At Poseidon, we've long been proponents of the SAFE Banking Act, legislation that will improve cannabis companies' access to finance. The importance of SAFE lies more in what it represents for small businesses and possible changes at the federal level. 

The SAFE Banking Act is an unsophisticated bill that should have passed a long time ago. Somehow even with bipartisan support, Congress is struggling to get it done. After missing out on getting attached to last week's defense budget during the lame-duck session, SAFE's remaining opportunity to pass will be with the omnibus funding package before the year's end. 
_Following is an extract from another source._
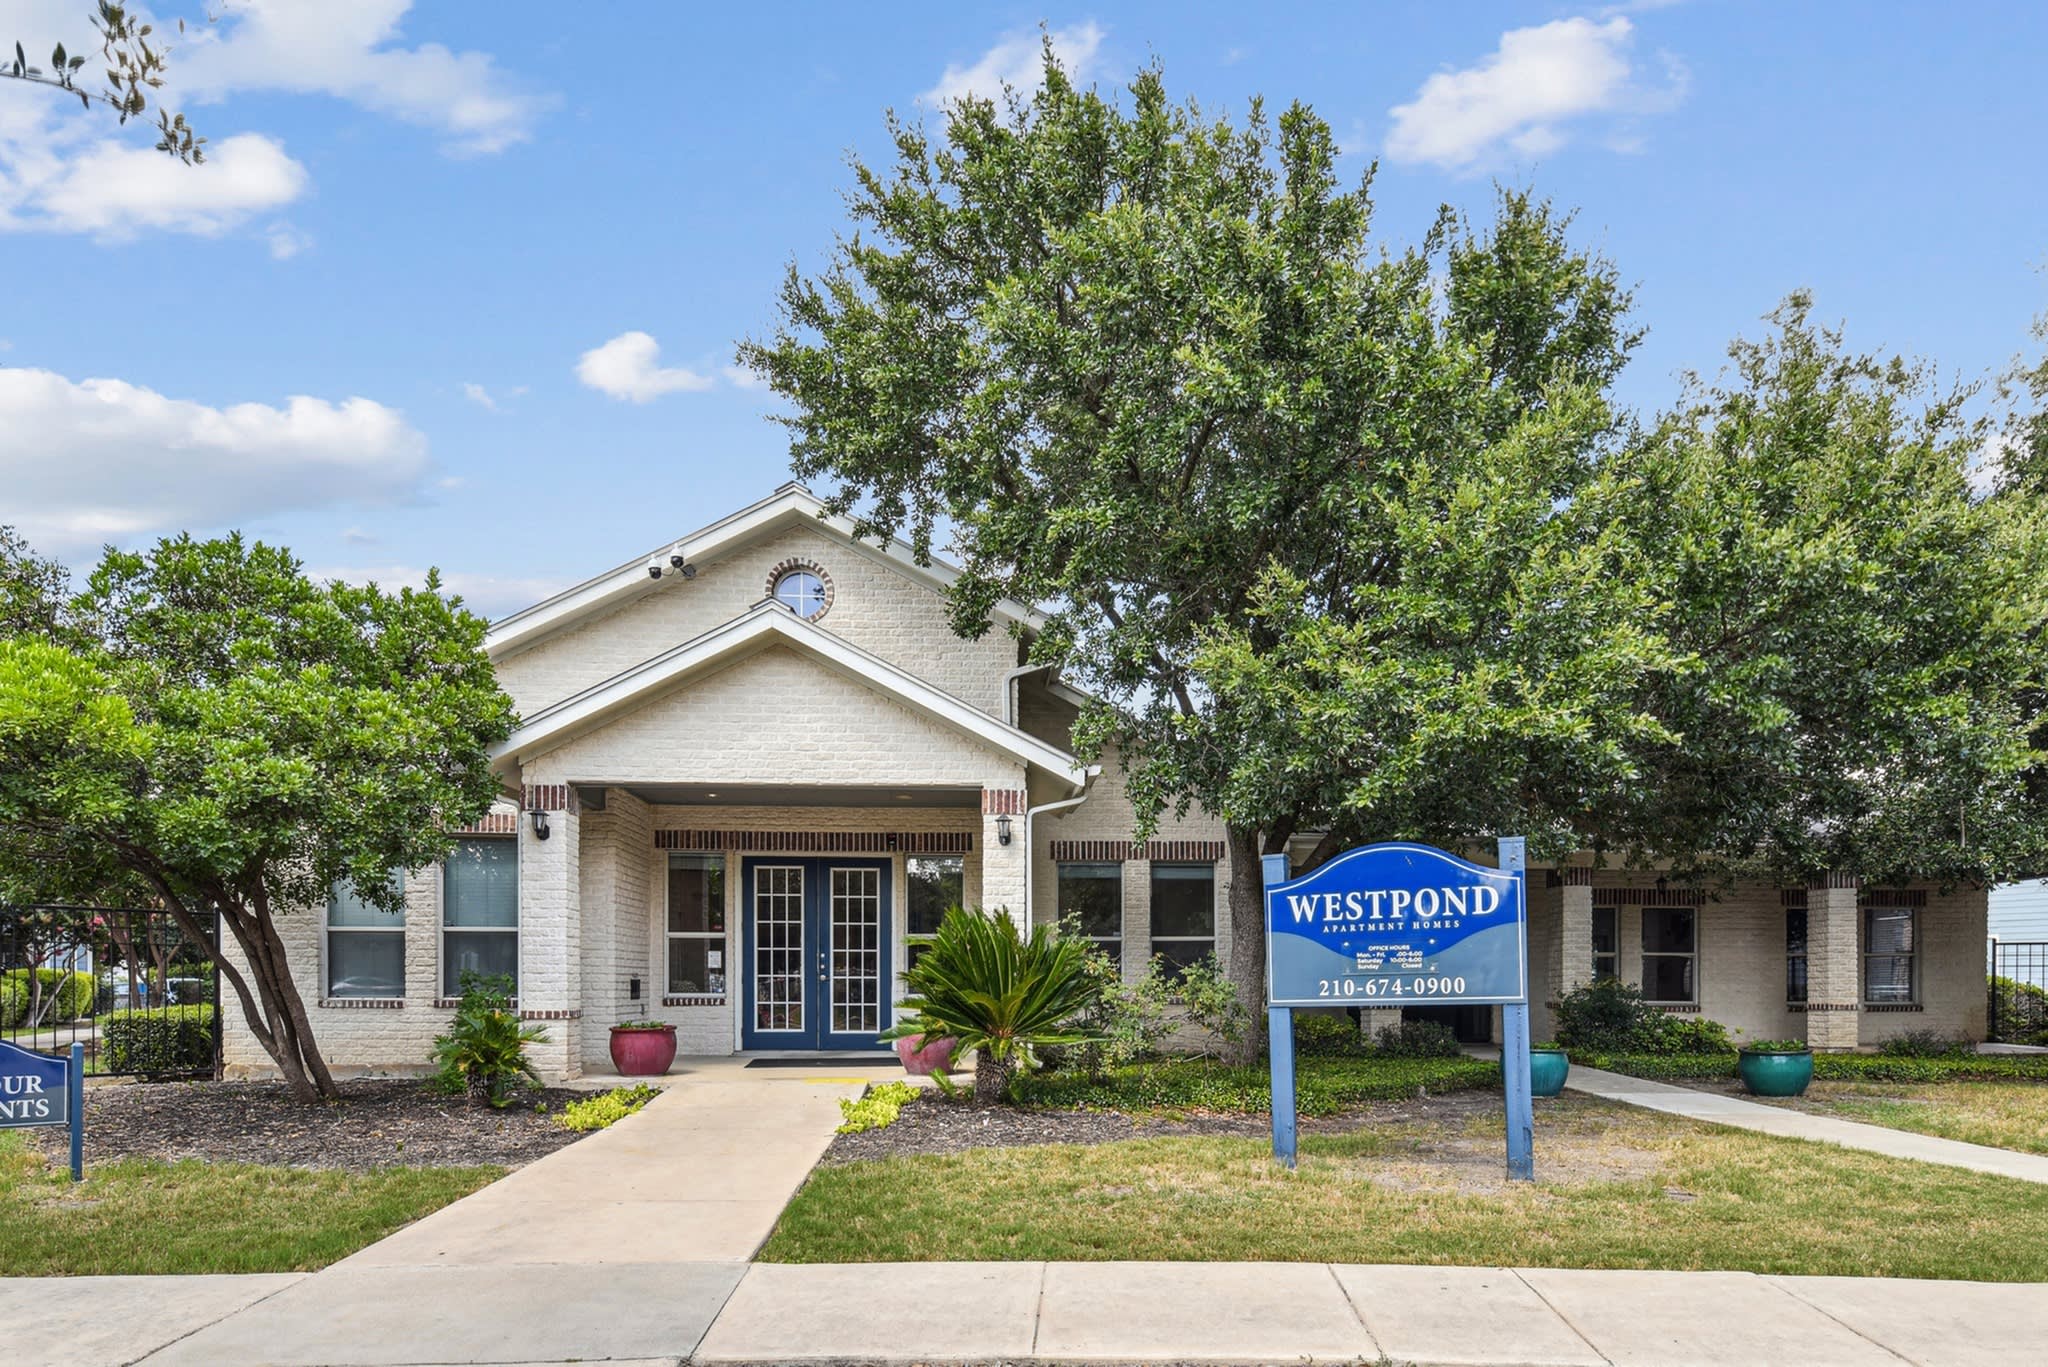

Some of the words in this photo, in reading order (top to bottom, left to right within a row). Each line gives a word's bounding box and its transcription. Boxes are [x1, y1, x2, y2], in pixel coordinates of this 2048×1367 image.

This bill was not meant to be a comprehensive reform, but it was an important step forward in recognizing the risks that small businesses are facing in the industry. We also saw the benefits of increased liquidity because it would expand the potential capital pools. Sadly, many businesses will not survive this challenging period in the legal cannabis industry regardless of the SAFE Banking Act passing. However, the long-term benefits are very real, and we want Congress to support cannabis banking as many American voters do.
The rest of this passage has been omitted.